The biggest obstacle to such a mobile autonomous robot is the fact that the robot needs to perform in dynamic, unstructured and uncertain environments. With collaborative robots, creating their algorithms is rather easy because they perform in very specific and structured environments. In addition, they are only designed to perform a single task repetitively. It could be loading and unloading in a factory or welding.
An autonomous robot cannot rely on such an algorithm because their very nature demands they interact with varying environments similar to a human. That is why the team at MIT are focused on coming up with an algorithm that allows the robot to reason about high-level objectives. The robot should, for instance, be able to open a fridge, scan the available ingredients and determine which particular ingredient is needed for the given meal.
Of course, such an algorithm is rather challenging. With machine learning and artificial intelligence evolving as fast as they are, there is hope that this will eventually be possible. MIT is just but one example of the ongoing research, individuals and numerous companies are deep in research.
When you actually think about it, Google’s self-driving car or Tesla’s self-driving car can be considered autonomous robots. They may not be in the market yet, but the numerous ongoing tests prove that in a few years, self-driving cars will cease to become a novelty and become a reality.

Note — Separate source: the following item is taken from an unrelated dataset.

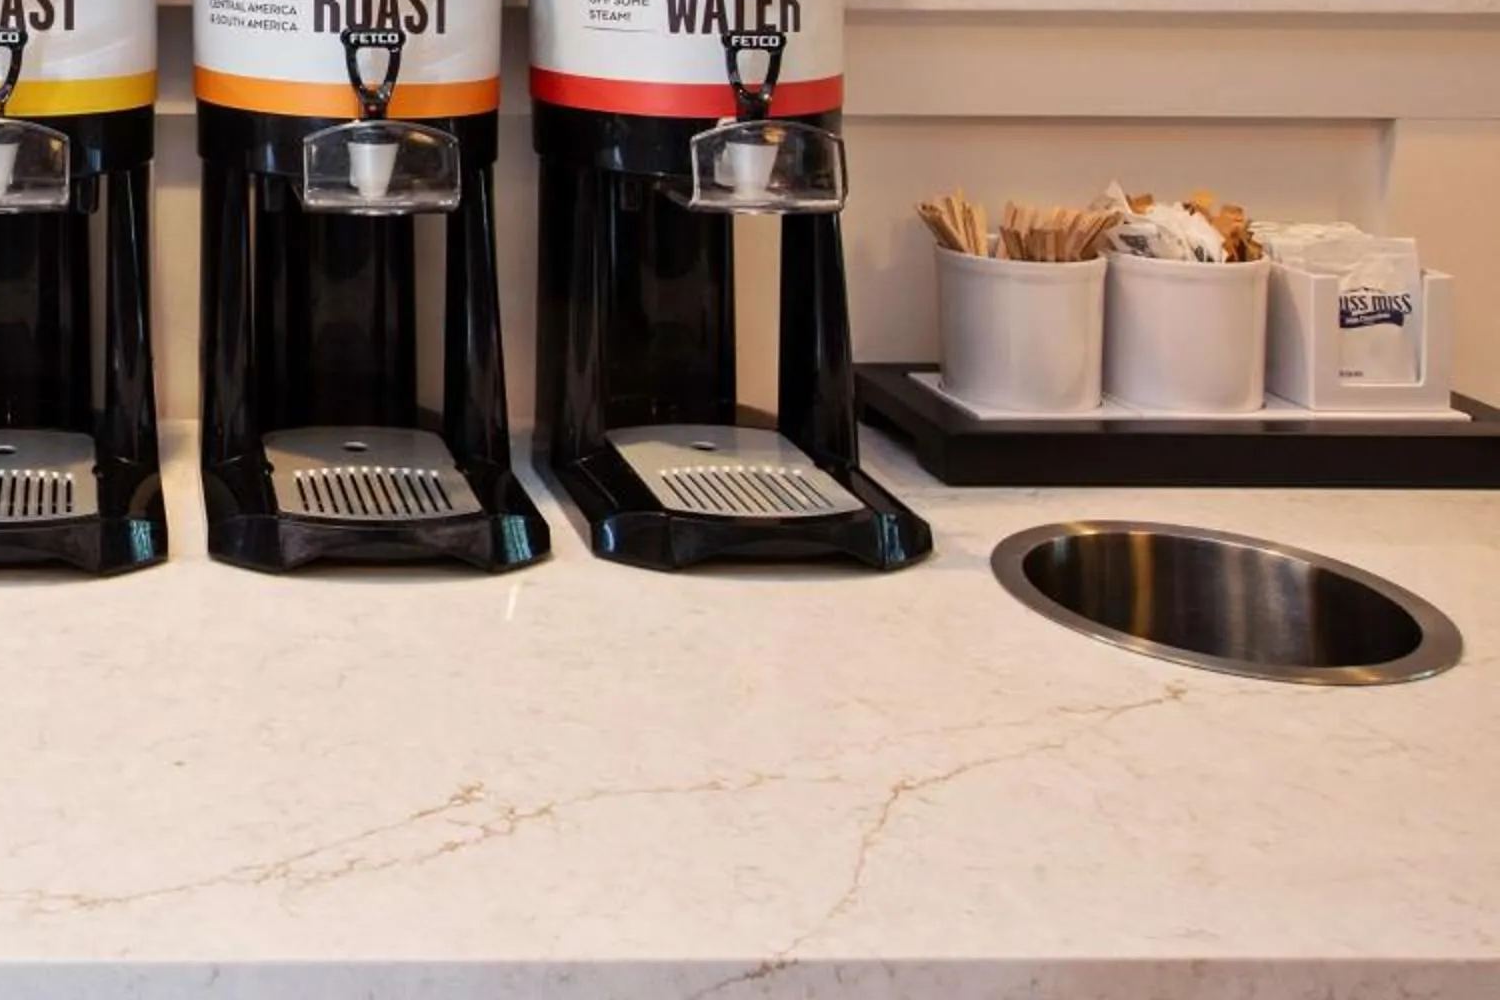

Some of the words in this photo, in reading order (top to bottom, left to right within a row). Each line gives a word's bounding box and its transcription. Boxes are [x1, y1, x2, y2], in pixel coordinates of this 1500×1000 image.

[248, 3, 297, 15] AMERICA
[247, 18, 299, 31] AMERICA
[350, 32, 399, 44] FETCO
[731, 35, 780, 47] FETCO

Elon Musk made an interesting observation a while back, that he had been lucky enough to see what artificial intelligence is capable of, and he was very afraid. Afraid or not, one thing is for sure, autonomous robots are the future.
With that in mind, let us have a look at the technologies that will drive the development of fully functioning autonomous robots.

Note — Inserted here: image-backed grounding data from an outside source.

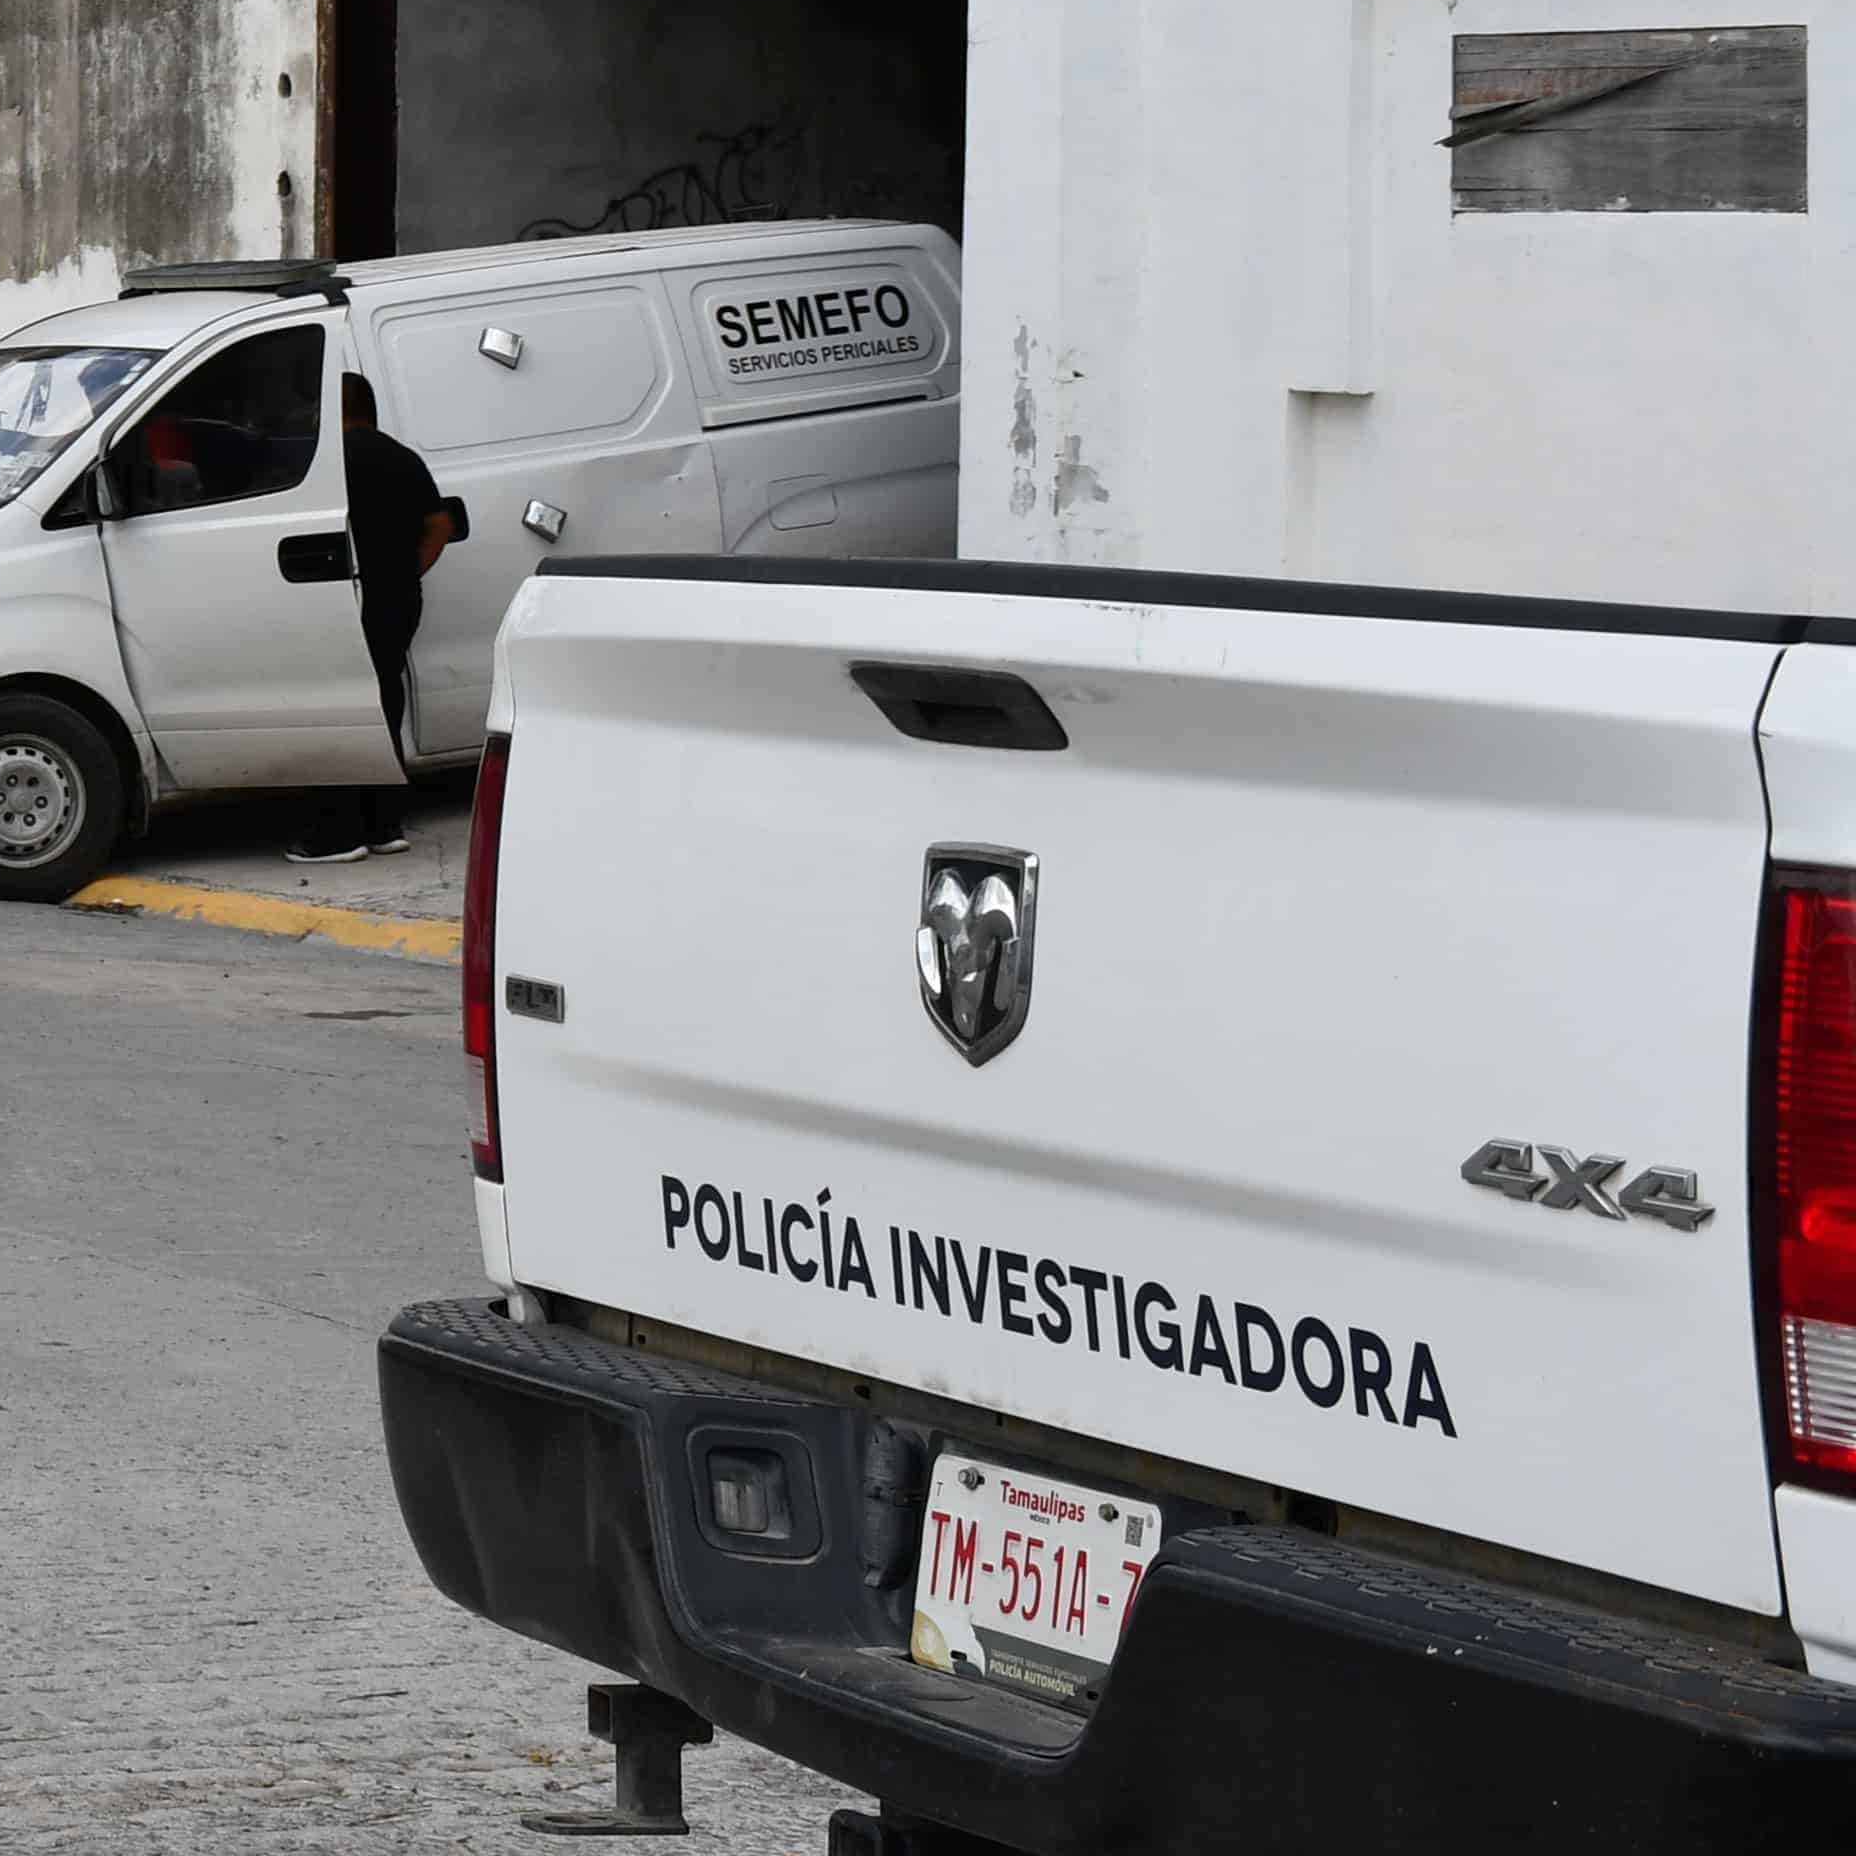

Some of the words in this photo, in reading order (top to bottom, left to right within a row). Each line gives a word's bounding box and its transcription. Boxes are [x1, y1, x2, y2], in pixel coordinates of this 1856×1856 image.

[715, 284, 910, 350] SEMEFO
[728, 347, 819, 375] SERVICIOS
[820, 335, 920, 364] PERICIALES
[661, 1175, 878, 1299] POLICÍA
[888, 1225, 1459, 1440] INVESTIGADORA
[1000, 1480, 1087, 1524] Tamaulipas
[930, 1510, 1143, 1637] TM-551A-7
[989, 1658, 1022, 1682] POLICÍA
[1023, 1670, 1077, 1697] AUTOMÓVIL

Navigation is a key technology intrinsic to autonomous robots. Navigation ensures the robot can move where it ought to without bumping into things and people. Navigation is dependent on neural networks which mirror a human being’s brain.
Neural networks have an ability to learn, can process parallel situations, allow non-linear mapping and most of all can perform a function even with an incomplete data set by approximating correctly.
II. Sensor Technologies
Sensor technologies encompass the ability of a machine to see, hear, smell and touch. Basically, how well a machine can mimic a human’s five senses.

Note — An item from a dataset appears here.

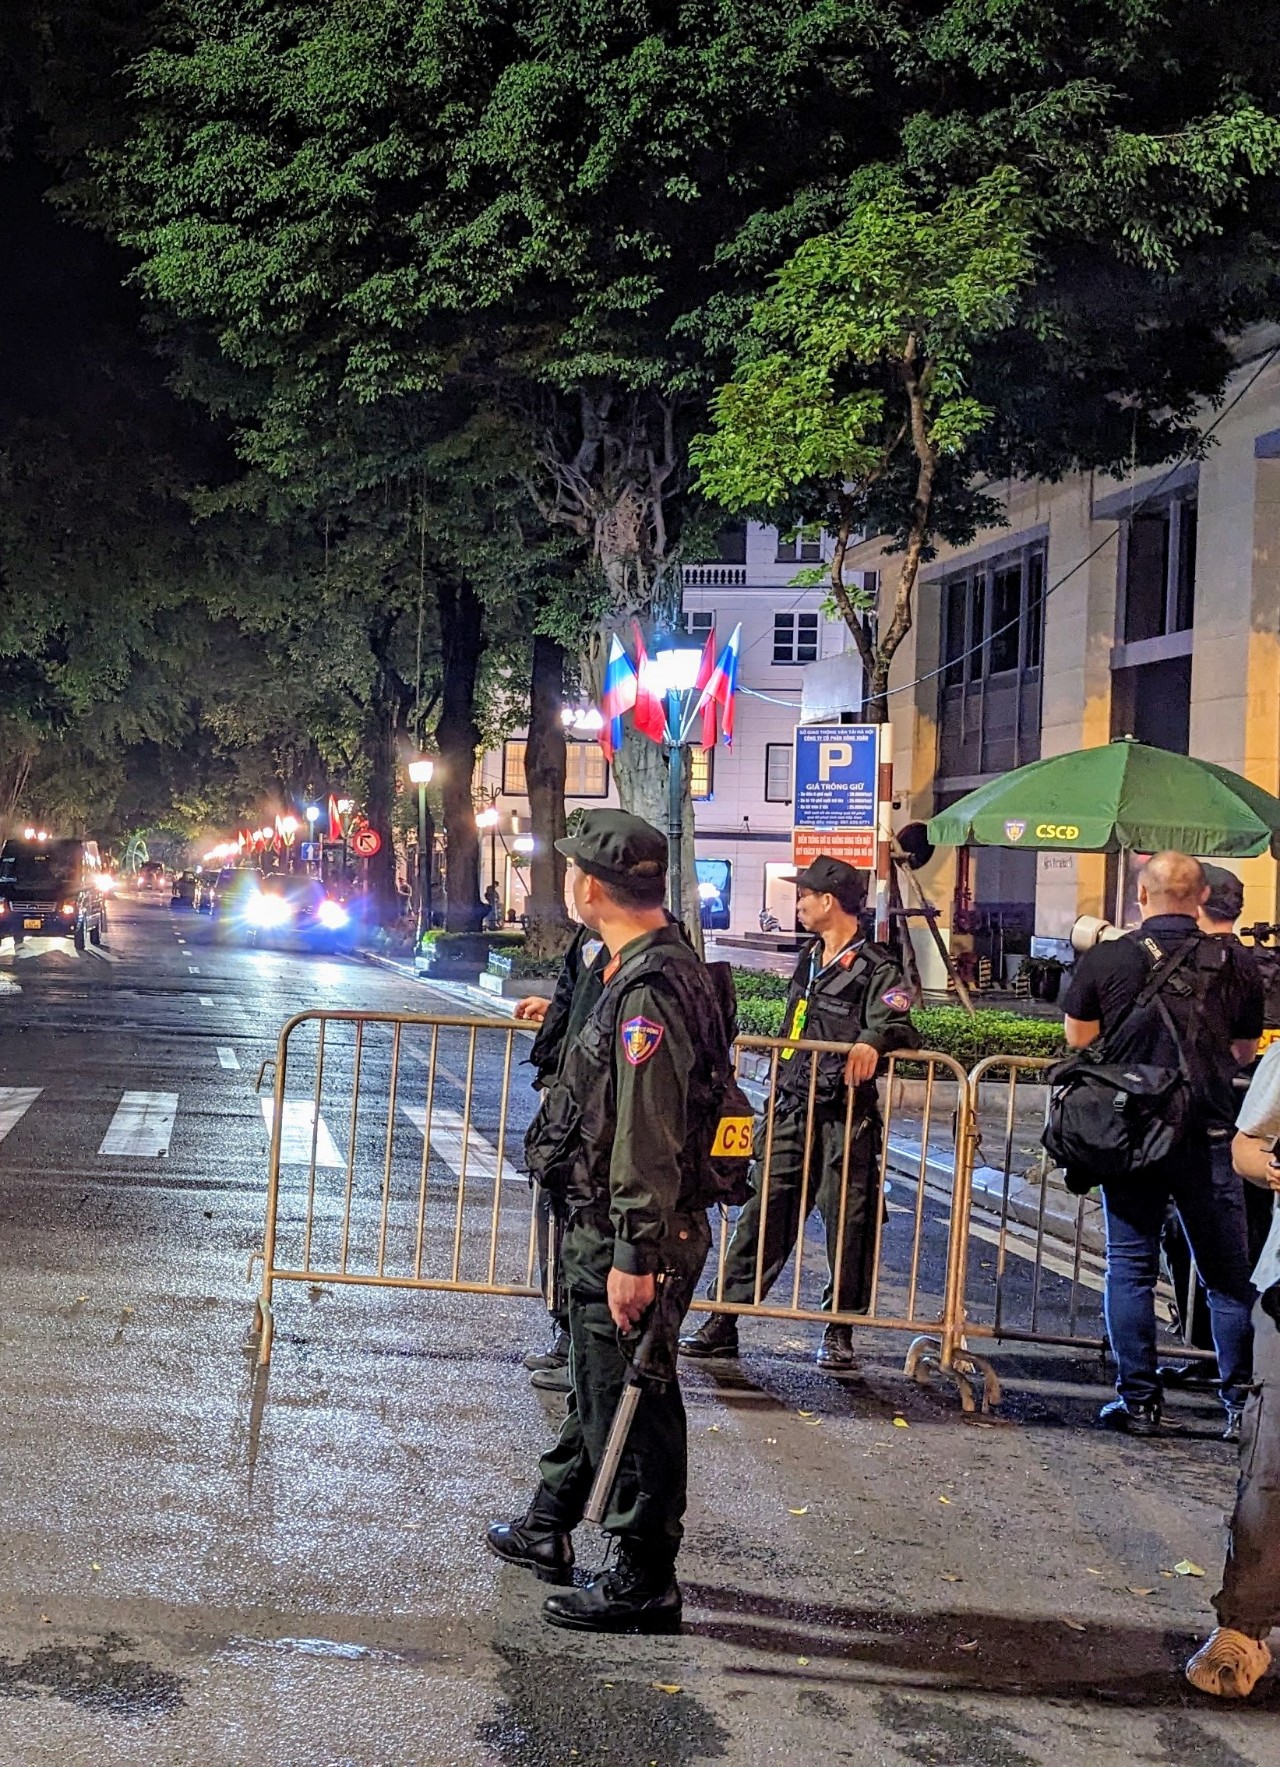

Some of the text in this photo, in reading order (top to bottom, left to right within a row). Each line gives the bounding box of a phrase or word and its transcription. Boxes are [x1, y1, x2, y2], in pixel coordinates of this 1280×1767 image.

Sensor technology is evolving at such a rapid pace mostly because it transcends robotic use. Sensors are critical to safety, diagnostic health care, surveillance and even process control. For this reason, it is only a matter of time before sensors are sophisticated enough to enhance the autonomy of a robot.
Yet another key technology that will feature heavily on the motion of an autonomous robot. Kinematics is termed as the study of “geometry of motion.” It is very critical in autonomous robots as it is the foundation upon which that autonomous robot is able to move from point A to point B.
There are more technologies such as environmental perception and localization that are also critical, but the above three are considered key.
There already exist semi-autonomous robots in the market such as those used in Amazon warehouses to fetch items. As technology grows and evolves, there is an expectation that cooking robots, cleaning robots, hospitality robots will become the norm.